**Work instruction**
I need the entries printed again word for word, without the images.

**Extracted information**
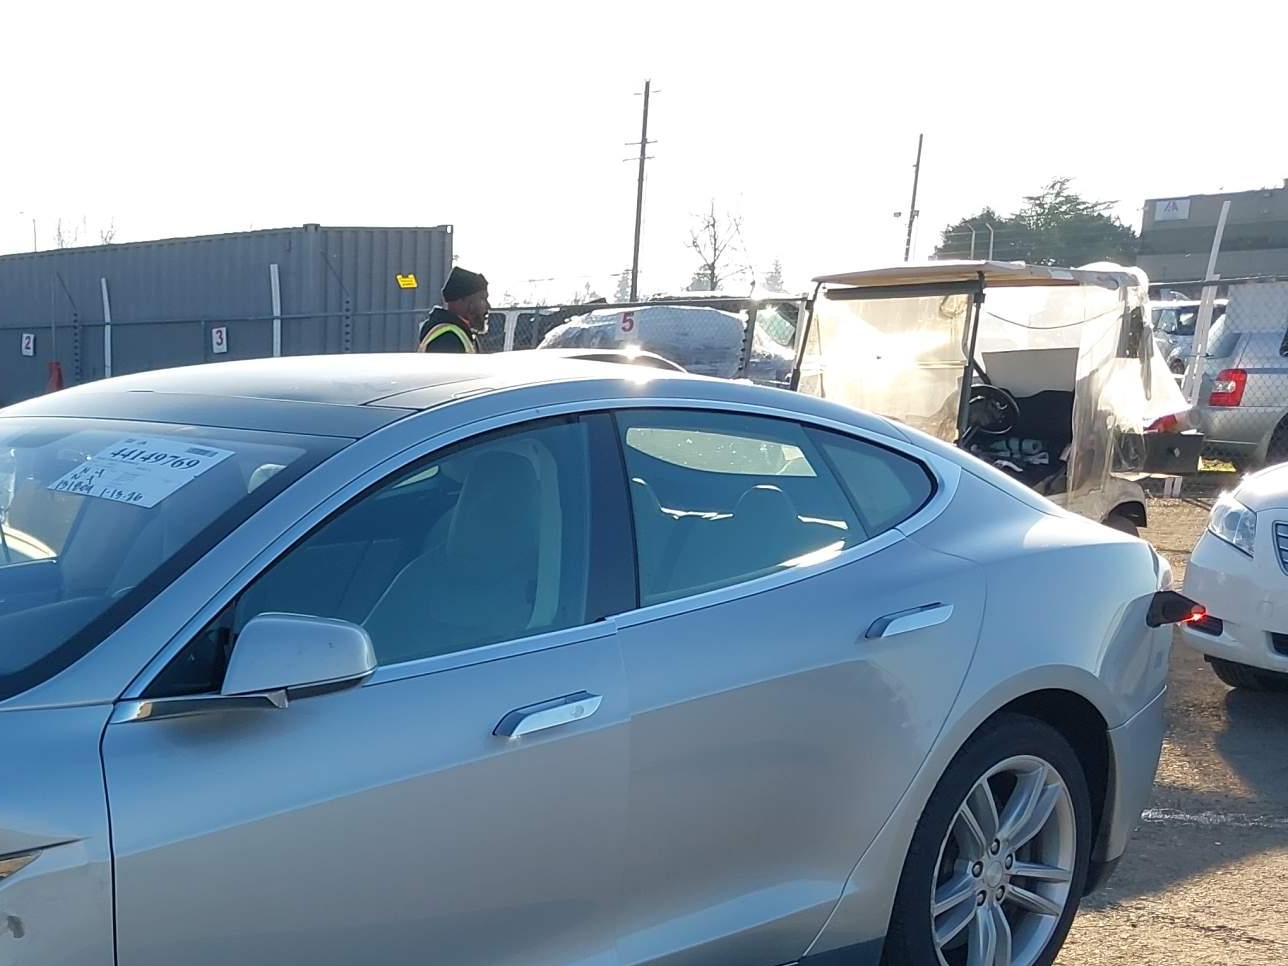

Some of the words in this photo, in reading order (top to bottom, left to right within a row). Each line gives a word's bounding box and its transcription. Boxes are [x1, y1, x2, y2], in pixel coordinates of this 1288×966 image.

[621, 311, 634, 332] 5
[24, 335, 31, 350] 2
[215, 329, 223, 346] 3
[109, 447, 201, 470] 44149769

**Solution to this exercise**
Some of the words in this photo, in reading order (top to bottom, left to right within a row). Each line gives a word's bounding box and its transcription. Boxes are [x1, y1, x2, y2], in pixel coordinates of this 1288×966 image.

[621, 311, 634, 332] 5
[24, 335, 31, 350] 2
[215, 329, 223, 346] 3
[109, 447, 201, 470] 44149769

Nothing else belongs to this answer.